(Records from a data collection)
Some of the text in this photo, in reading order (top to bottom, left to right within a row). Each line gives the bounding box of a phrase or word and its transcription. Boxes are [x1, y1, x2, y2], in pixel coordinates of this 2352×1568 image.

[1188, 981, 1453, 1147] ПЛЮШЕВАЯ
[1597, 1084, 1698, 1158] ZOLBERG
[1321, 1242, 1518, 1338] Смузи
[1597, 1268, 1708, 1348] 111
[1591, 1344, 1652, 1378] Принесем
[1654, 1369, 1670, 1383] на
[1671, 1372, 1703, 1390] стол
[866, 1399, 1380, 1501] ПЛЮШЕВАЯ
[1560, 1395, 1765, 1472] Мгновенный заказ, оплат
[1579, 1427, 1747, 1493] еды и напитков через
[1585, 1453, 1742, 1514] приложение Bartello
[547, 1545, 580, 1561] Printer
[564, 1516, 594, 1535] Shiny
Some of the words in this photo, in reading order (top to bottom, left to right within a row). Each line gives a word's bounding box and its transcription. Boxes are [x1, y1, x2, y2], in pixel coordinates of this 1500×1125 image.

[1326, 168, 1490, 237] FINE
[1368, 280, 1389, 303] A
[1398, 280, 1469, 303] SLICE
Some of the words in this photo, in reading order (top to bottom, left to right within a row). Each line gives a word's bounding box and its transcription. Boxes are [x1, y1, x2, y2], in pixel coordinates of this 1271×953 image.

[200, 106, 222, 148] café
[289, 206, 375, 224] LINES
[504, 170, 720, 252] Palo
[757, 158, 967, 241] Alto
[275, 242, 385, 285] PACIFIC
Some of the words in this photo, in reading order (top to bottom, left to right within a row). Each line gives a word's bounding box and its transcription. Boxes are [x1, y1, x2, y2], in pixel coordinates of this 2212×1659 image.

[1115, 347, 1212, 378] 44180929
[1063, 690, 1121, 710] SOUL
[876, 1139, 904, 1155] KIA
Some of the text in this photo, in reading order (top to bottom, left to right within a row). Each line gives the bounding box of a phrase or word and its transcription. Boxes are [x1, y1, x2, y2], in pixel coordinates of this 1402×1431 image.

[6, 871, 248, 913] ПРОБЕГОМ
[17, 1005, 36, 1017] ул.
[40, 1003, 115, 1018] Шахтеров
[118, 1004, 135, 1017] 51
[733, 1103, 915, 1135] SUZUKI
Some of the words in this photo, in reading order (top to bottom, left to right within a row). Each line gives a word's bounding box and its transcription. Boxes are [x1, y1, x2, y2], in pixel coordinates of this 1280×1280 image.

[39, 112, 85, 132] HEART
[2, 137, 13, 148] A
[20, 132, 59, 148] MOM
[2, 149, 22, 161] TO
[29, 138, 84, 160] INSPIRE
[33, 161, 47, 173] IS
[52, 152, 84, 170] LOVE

EXERCISE PROMPT ::
The records above need to be retyped in full, exactly as they stand.

EXERCISE ANSWER ::
Some of the text in this photo, in reading order (top to bottom, left to right within a row). Each line gives the bounding box of a phrase or word and its transcription. Boxes are [x1, y1, x2, y2], in pixel coordinates of this 2352×1568 image.

[1188, 981, 1453, 1147] ПЛЮШЕВАЯ
[1597, 1084, 1698, 1158] ZOLBERG
[1321, 1242, 1518, 1338] Смузи
[1597, 1268, 1708, 1348] 111
[1591, 1344, 1652, 1378] Принесем
[1654, 1369, 1670, 1383] на
[1671, 1372, 1703, 1390] стол
[866, 1399, 1380, 1501] ПЛЮШЕВАЯ
[1560, 1395, 1765, 1472] Мгновенный заказ, оплат
[1579, 1427, 1747, 1493] еды и напитков через
[1585, 1453, 1742, 1514] приложение Bartello
[547, 1545, 580, 1561] Printer
[564, 1516, 594, 1535] Shiny
Some of the words in this photo, in reading order (top to bottom, left to right within a row). Each line gives a word's bounding box and its transcription. Boxes are [x1, y1, x2, y2], in pixel coordinates of this 1500×1125 image.

[1326, 168, 1490, 237] FINE
[1368, 280, 1389, 303] A
[1398, 280, 1469, 303] SLICE
Some of the words in this photo, in reading order (top to bottom, left to right within a row). Each line gives a word's bounding box and its transcription. Boxes are [x1, y1, x2, y2], in pixel coordinates of this 1271×953 image.

[200, 106, 222, 148] café
[289, 206, 375, 224] LINES
[504, 170, 720, 252] Palo
[757, 158, 967, 241] Alto
[275, 242, 385, 285] PACIFIC
Some of the words in this photo, in reading order (top to bottom, left to right within a row). Each line gives a word's bounding box and its transcription. Boxes are [x1, y1, x2, y2], in pixel coordinates of this 2212×1659 image.

[1115, 347, 1212, 378] 44180929
[1063, 690, 1121, 710] SOUL
[876, 1139, 904, 1155] KIA
Some of the text in this photo, in reading order (top to bottom, left to right within a row). Each line gives the bounding box of a phrase or word and its transcription. Boxes are [x1, y1, x2, y2], in pixel coordinates of this 1402×1431 image.

[6, 871, 248, 913] ПРОБЕГОМ
[17, 1005, 36, 1017] ул.
[40, 1003, 115, 1018] Шахтеров
[118, 1004, 135, 1017] 51
[733, 1103, 915, 1135] SUZUKI
Some of the words in this photo, in reading order (top to bottom, left to right within a row). Each line gives a word's bounding box and its transcription. Boxes are [x1, y1, x2, y2], in pixel coordinates of this 1280×1280 image.

[39, 112, 85, 132] HEART
[2, 137, 13, 148] A
[20, 132, 59, 148] MOM
[2, 149, 22, 161] TO
[29, 138, 84, 160] INSPIRE
[33, 161, 47, 173] IS
[52, 152, 84, 170] LOVE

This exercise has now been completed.